She was born in 1916.
Think of what she has lived through.
When Mama came into the world, the First World War was raging, Woodrow Wilson was president, Charles Henderson (who?) was governor, cotton prices were rising, and there wasn’t a hospital in town, so Mama was delivered at home.
She was born into a pioneer family that had been in the county even before there was a county to be in. Solidly middle class, well connected in commerce and at the courthouse, and blood-kin to just about everyone, it was fortunate for the family line that my daddy came from out of town, out of county, and won her heart.
But I am getting ahead of myself.
Mama entered the first grade about the time the Roaring Twenties began to roar. By the time she was a teenager, what had been prosperity was over and the Depression was on the land. Among the high school graduation mementos she saved is a letter from a teacher telling her how proud she was of that year’s graduates and how she regretted not being able to give them each a gift, times being what they were.
The times were such that Alabama teachers were being paid with IOUs that many stores would accept only at a discount, if they were accepted at all.
Mama’s family did better than most. Her father, a rural letter-carrier, had a regular income from the government; though it was not much, it got them by. Meanwhile, Mama landed a courthouse job with one of those New Deal agencies, which also helped the family along.

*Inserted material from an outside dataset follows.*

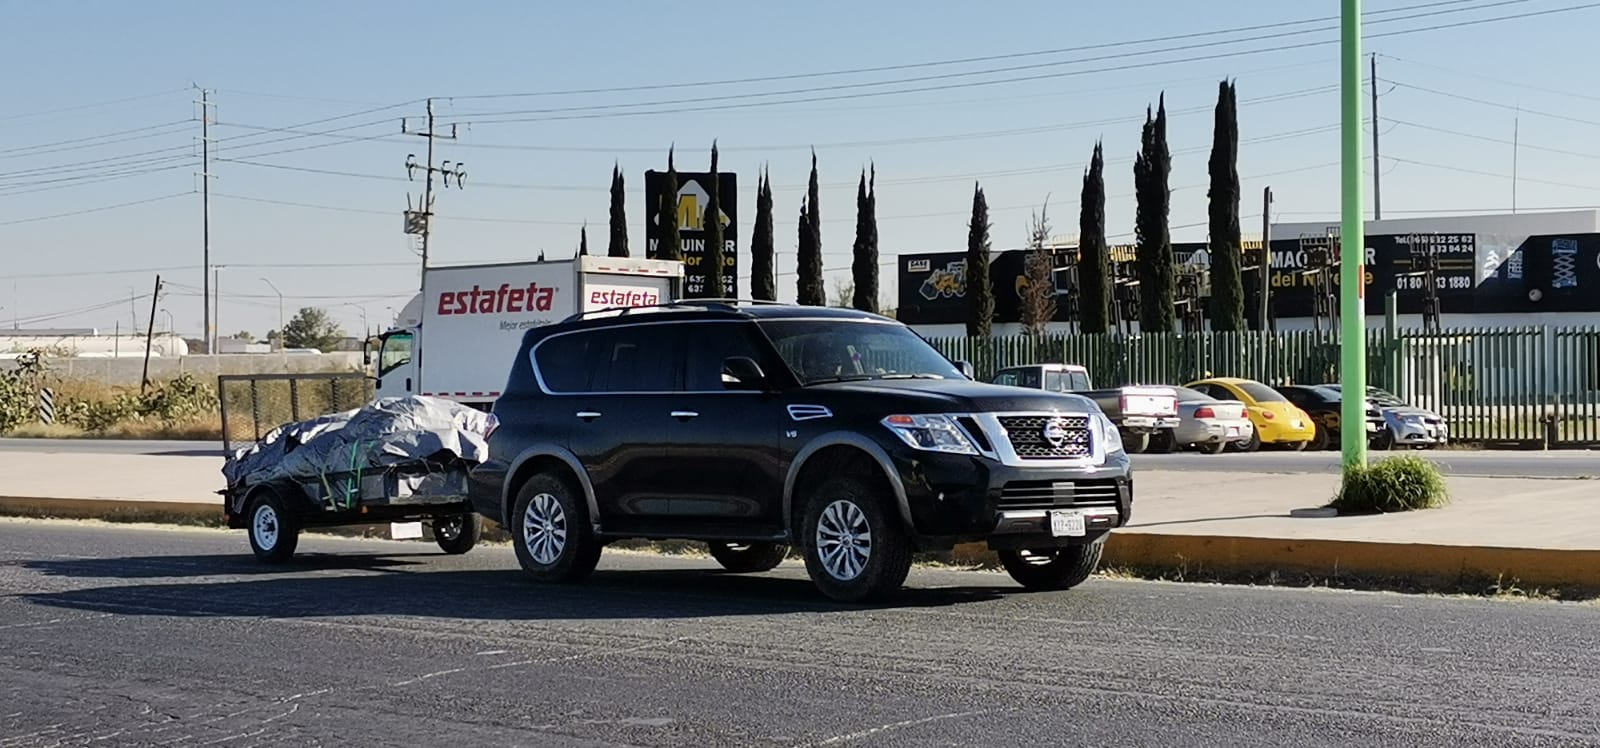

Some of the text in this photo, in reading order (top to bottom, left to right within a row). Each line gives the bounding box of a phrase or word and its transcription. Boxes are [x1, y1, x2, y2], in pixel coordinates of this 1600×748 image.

Then came Daddy, down from Auburn University to teach vocational agriculture at the high school and court Mama. Then came the war, and Daddy was called to serve. So they married (I am compressing time here), and off they went to Fort Riley, Kan., where Daddy trained to defeat Hitler, and I was born.
In 1993, when my son was delivered as my 50th birthday present, a friend observed that it took considerable courage, or optimism, or maybe stupidity, to bring a child into the world at that time. Then I considered what was going on when I arrived — a world war that was not going particularly well and the possibility that I might grow up without a daddy — and our decision to have our children appeared rational, even sane.
So Daddy went overseas and Mama took me back to Grove Hill, where she returned to work for the government and waited for Capt. Jackson to come home.
He did, and for the next few years they moved about as he sought to establish himself, first as a businessman, then as a politician, and always as a gentleman farmer and the central figure in a group of like-minded men who ran the courthouse, community and church.
Mama was big into church.
It was only natural. She was the granddaughter of a Confederate veteran who returned wounded from the fighting and, determined to study war no more, became a Methodist minister. Though he died while Mama was just a tot, he passed his piety on to his daughter, Mama’s Mama, who passed it on to Mama.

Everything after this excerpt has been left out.